Member of the House of Lords
- Lord Temporal
- Life peerage 11 September 2013

Assistant Government Whip (HM Treasury)
- In office December 1996 – May 1997
- Prime Minister: John Major

Member of Parliament for Fulham
- In office 11 June 1987 – 8 April 1997
- Preceded by: Nick Raynsford
- Succeeded by: Constituency abolished

Personal details
- Born: 19 October 1947 (age 78)
- Party: Conservative

= Matthew Carrington, Baron Carrington of Fulham =

British politician (born 1947)

Matthew Hadrian Marshall Carrington, Baron Carrington of Fulham (born 19 October 1947) is a British politician. Formerly the Conservative Member of Parliament for Fulham from 1987 to 1997, in September 2013 Carrington was made a life peer and member of the House of Lords.

==Early life==
Carrington was born in London and was educated at the Lycée Français Charles de Gaulle and Imperial College London, during which time he chaired the Imperial College Conservative Society and graduated with a BSc and ARCS in Physics in 1969. He then attended the London Business School, where he received an MBA. He was a banker with the First National Bank of Chicago (now the First Chicago Bank) between 1974 and 1978, and then the Saudi International Bank between 1978 and 1987. He subsequently became chairman of the Outdoor Advertising Association and chief executive of the Retail Motor Industry Federation.

==Political career==
Carrington first stood for Parliament at Tottenham in 1979, coming second to the incumbent Labour MP Norman Atkinson.

He unsuccessfully contested the Fulham seat at a by-election in 1986 but won it at the general election a year later, defeating the Labour by-election victor Nick Raynsford (who returned to Parliament five years later as the Member for Greenwich). Carrington was Parliamentary private secretary to John Patten when he was a Home Office Minister between November 1990 and April 1992, and then when Patten was promoted to Secretary of State for Education. Carrington returned to the backbenches before joining John Major's government against as an Assistant Whip between 1996 and the 1997 general election, simultaneously serving as Chairman of the Treasury Select Committee.

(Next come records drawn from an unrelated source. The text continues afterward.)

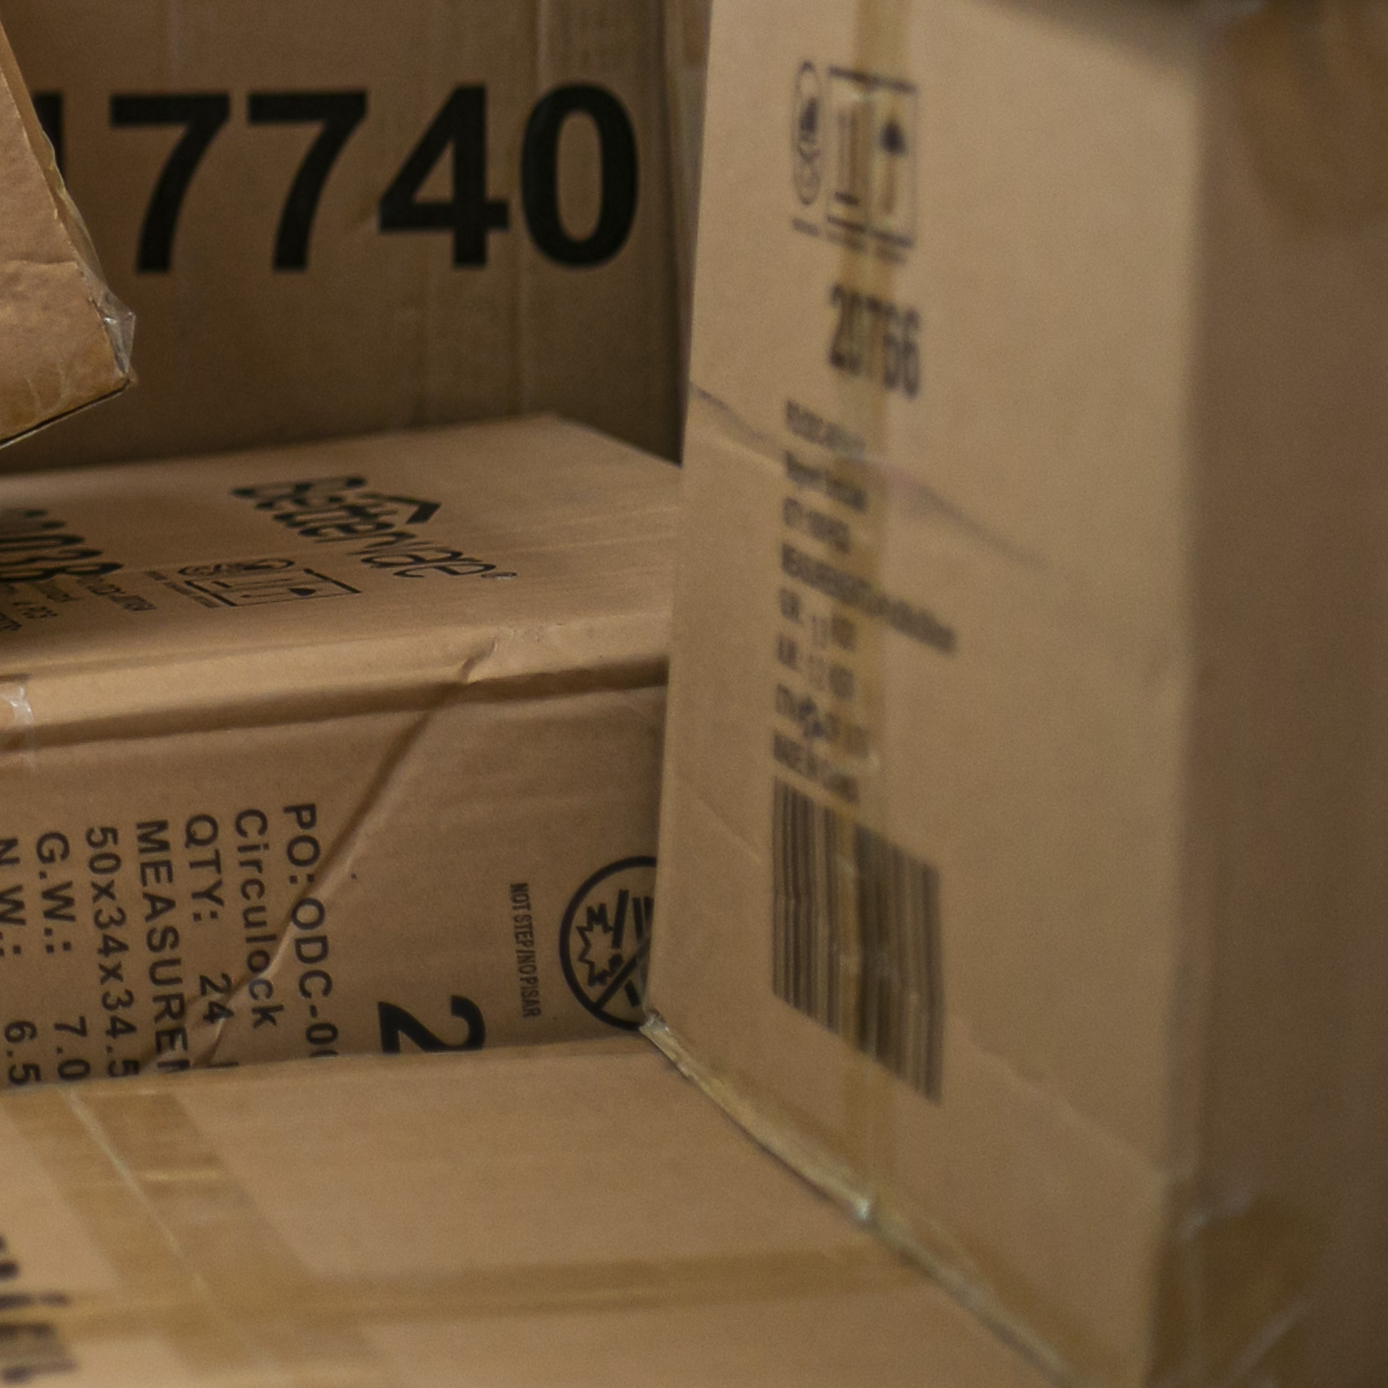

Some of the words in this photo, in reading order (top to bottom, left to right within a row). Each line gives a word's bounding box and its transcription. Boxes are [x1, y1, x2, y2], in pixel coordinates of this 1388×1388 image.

[185, 814, 224, 923] QTY:
[283, 803, 320, 886] PO:
[35, 831, 77, 955] G.W.:
[234, 808, 284, 1029] Circulock
[199, 972, 235, 1025] 24
[291, 897, 339, 1058] ODC-0
[4, 1020, 43, 1087] 6.5
[54, 1015, 91, 1081] 7.0

The Fulham constituency disappeared in the boundary changes ahead of the 1997 election, and Carrington was selected as the Conservative candidate for the new Hammersmith and Fulham constituency, but was defeated by the Labour candidate Iain Coleman. He failed to regain the seat at the 2001 general election, but Carrington stayed active in local politics, and was elected Chairman of the Kensington, Chelsea and Fulham Conservatives on 28 March 2012. On 11 September 2013 he was created a life peer taking the title Baron Carrington of Fulham, of Fulham in the London Borough of Hammersmith and Fulham. Carrington is a non-executive director of the Sharia-compliant Gatehouse Bank and the Arab-British Chamber of Commerce, as well as a trustee of St John's, Notting Hill.

==Personal life==
His parents were Walter and Dilys Carrington, teachers of the Alexander technique. Carrington was married to Mary Lou, who died in 2008. Mary Lou held senior positions at the London International Financial Futures and Options Exchange between 1985 and 1998, and was an assistant vice president of the First National Bank of Chicago, where Matthew Carrington had also worked. Mary Lou had also been elected a common councilman for the City of London ward of Lime Street. They had one daughter, Victoria.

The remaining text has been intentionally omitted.